Eyebrows up. "Yeah?" Harold waved a hand. "Can't think an encounter with some bleach would put him off."
"Bleach?" The Doctor looked patently confused.
Harold gestured vaguely at his own head, and then at the Doctor's. "Uh. He said you had-- dark hair. Don't blame you for ditching the bow tie, though." He looked a bit abashed. "I, uh. Asked him what to keep an eye out for, you know?" The description hadn't been desperately detailed - 'look for a blue box' was the big thing - but he'd gotten a brief one.
"Oh." The Doctor looked up, briefly, at his own somewhat hat-mussed hair, then back at Harold. "I was... a different man back then. You could say."
"A different---" Ah. Harold looked up as the door went. A spike of anxiety coursed through him along a bit of relief; he was concerned today would be one when Jamie got held up with a job. Harold stood to greet him. "--Hey, man."
Jamie McCrimmon, for his part, probably looked entirely dingy. Dirt smudged his cheek and marred his hands and arms, he was sweaty and slightly out of breath. Clearing land on a day like this kind of sucked, not that he'd complain the first bit about it. "'llo," he said a bit huffily, looking curiously to guest on the couch.
The Doctor stood automatically, tipping his head to the side and regarding Jamie with an expression that wandered between wonder and concern and reminiscence too old to be recent. "Jamie. You look well." His eyebrows drew together briefly. "Are you all right?"

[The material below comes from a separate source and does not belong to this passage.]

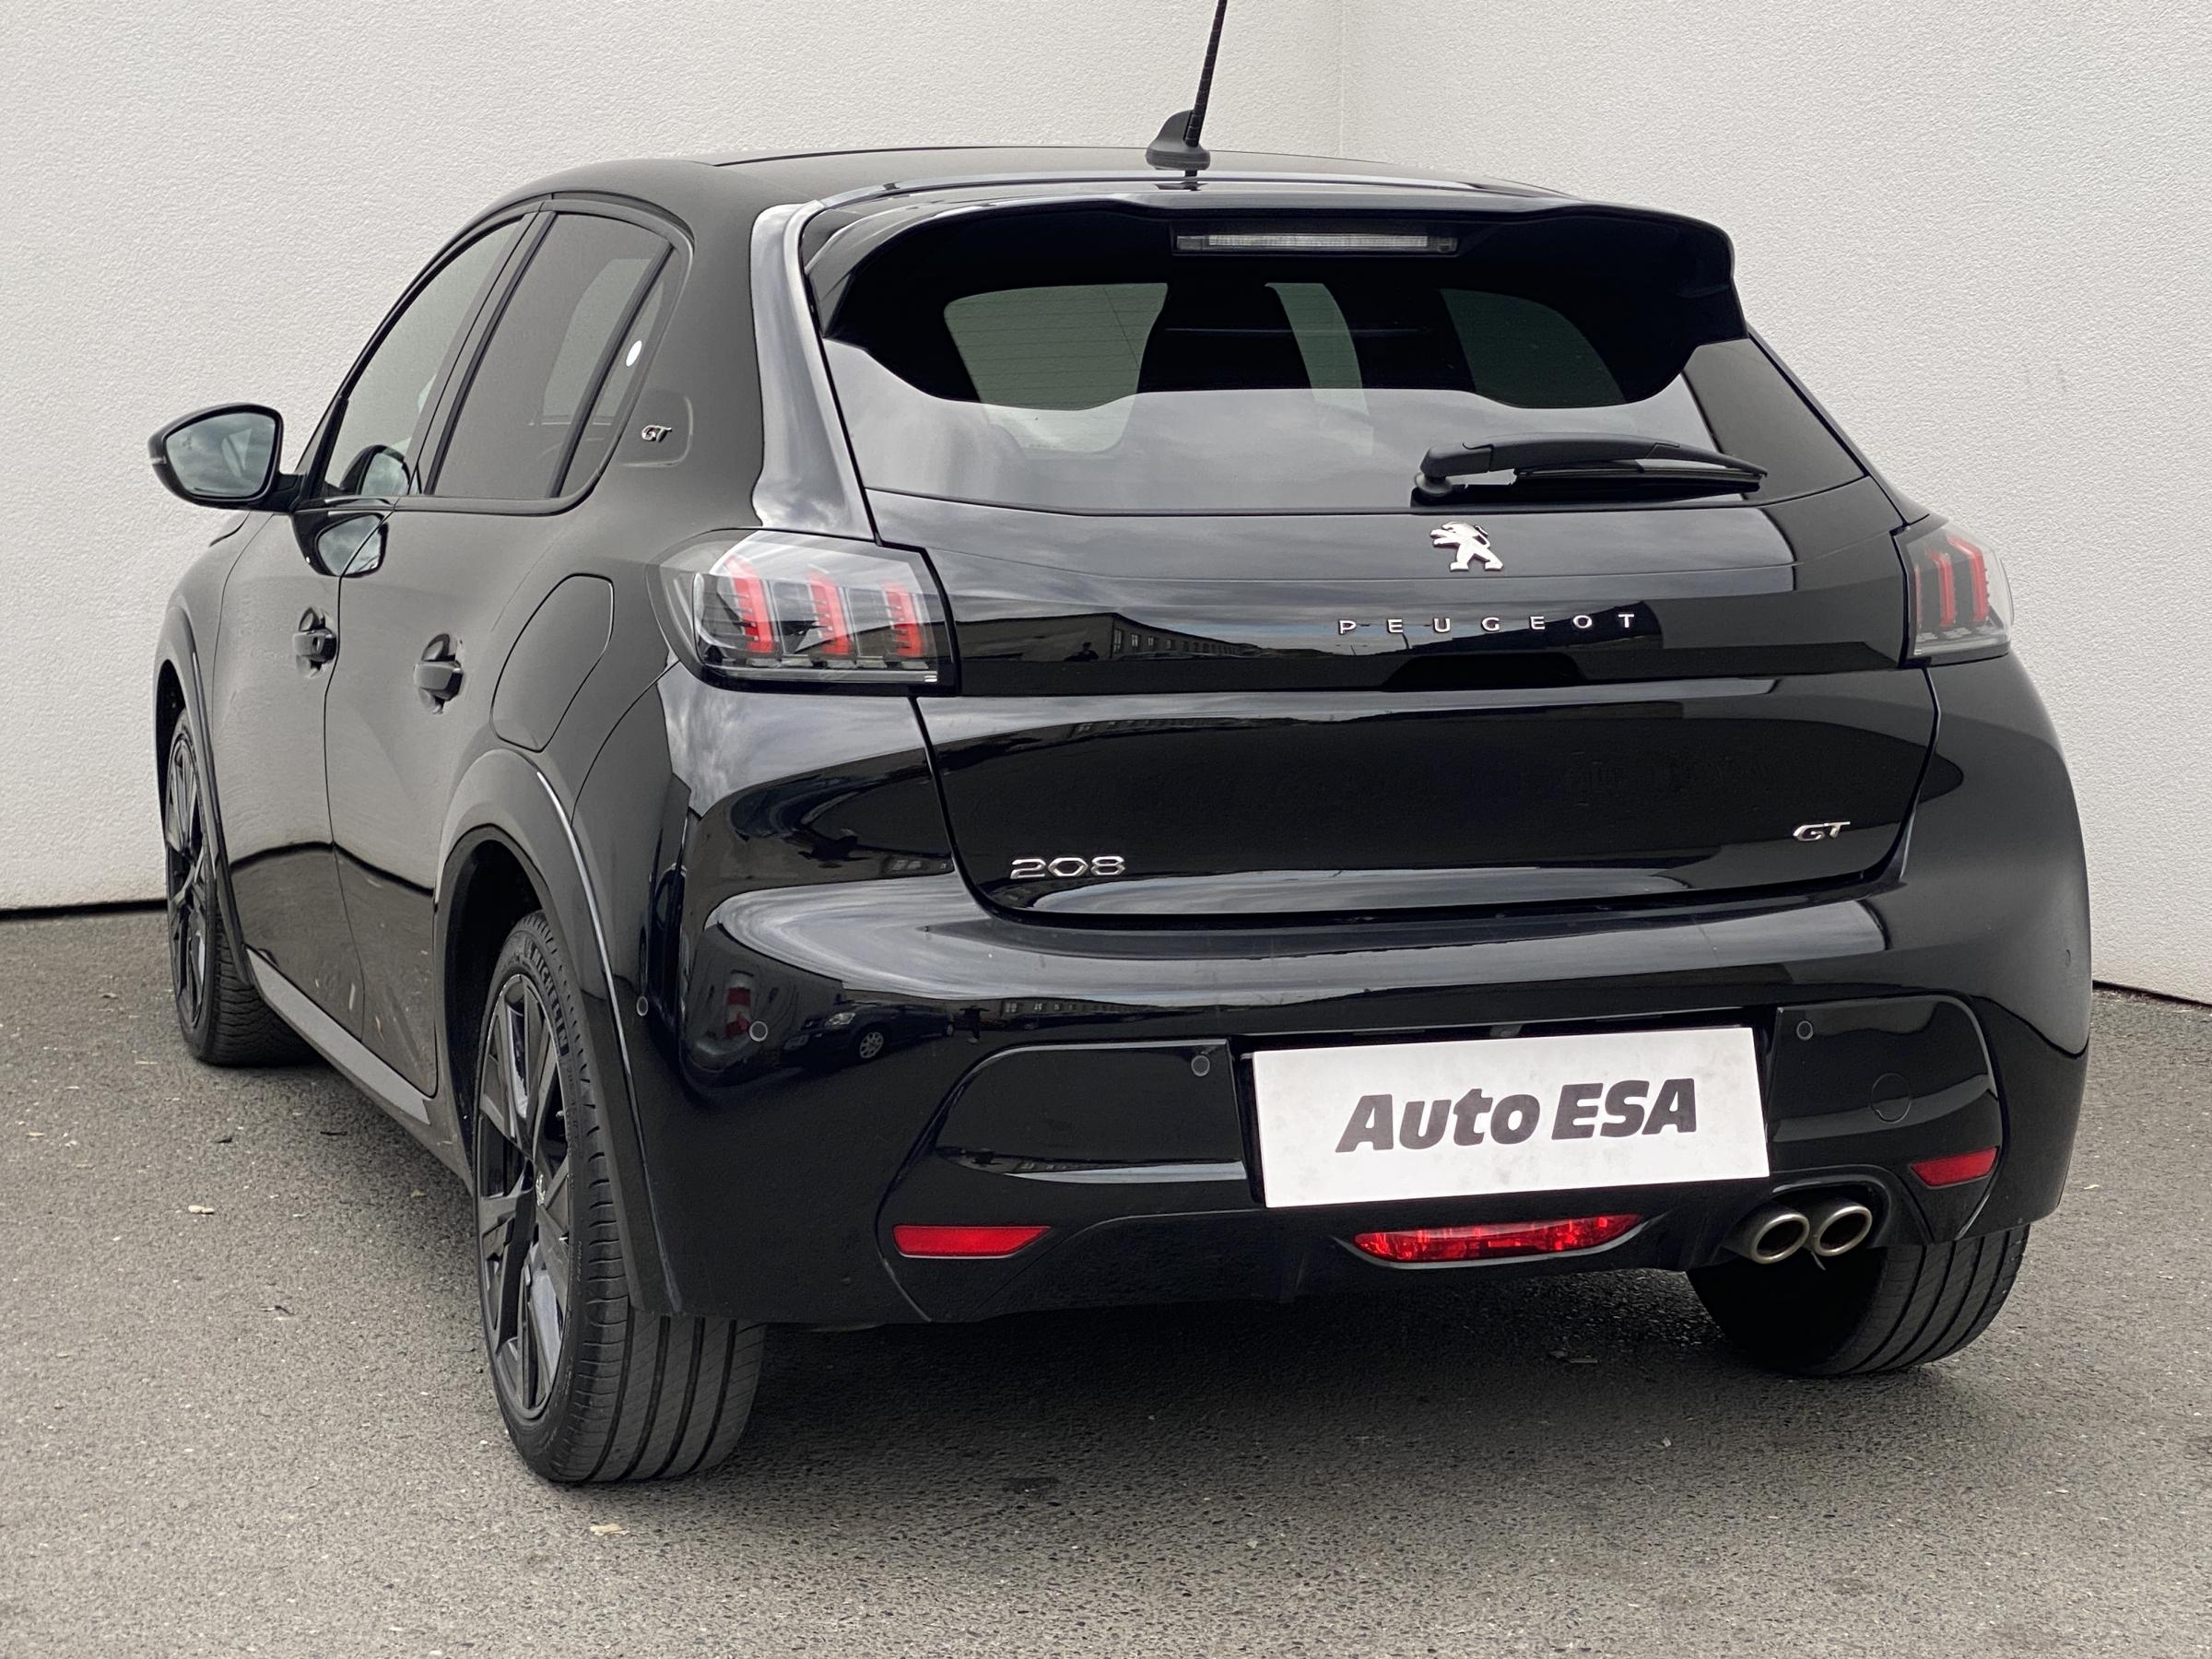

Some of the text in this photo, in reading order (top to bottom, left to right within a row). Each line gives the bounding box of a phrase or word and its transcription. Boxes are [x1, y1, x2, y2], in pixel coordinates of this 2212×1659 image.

Harold was busy grinning like a little boy having brought his mother a bashed flower.
Jamie looked to Harold in confusion, and back to the man. He wiped his cheek with his hand to no avail at all, just smudging the dirt into a more blurred mess. "...aye, I'm fine. Never any harm in hard work." He tipped his head slightly to the side, stepping closer. "Thank ye for asking, sir. Have we met?" Jamie McCrimmon met a wide variety of people in his search, he didn't always remember a face.
Harold had it in mind to give them a bit of space, anyhow, and stepped over for the moment to dig Jamie out a bottle of water.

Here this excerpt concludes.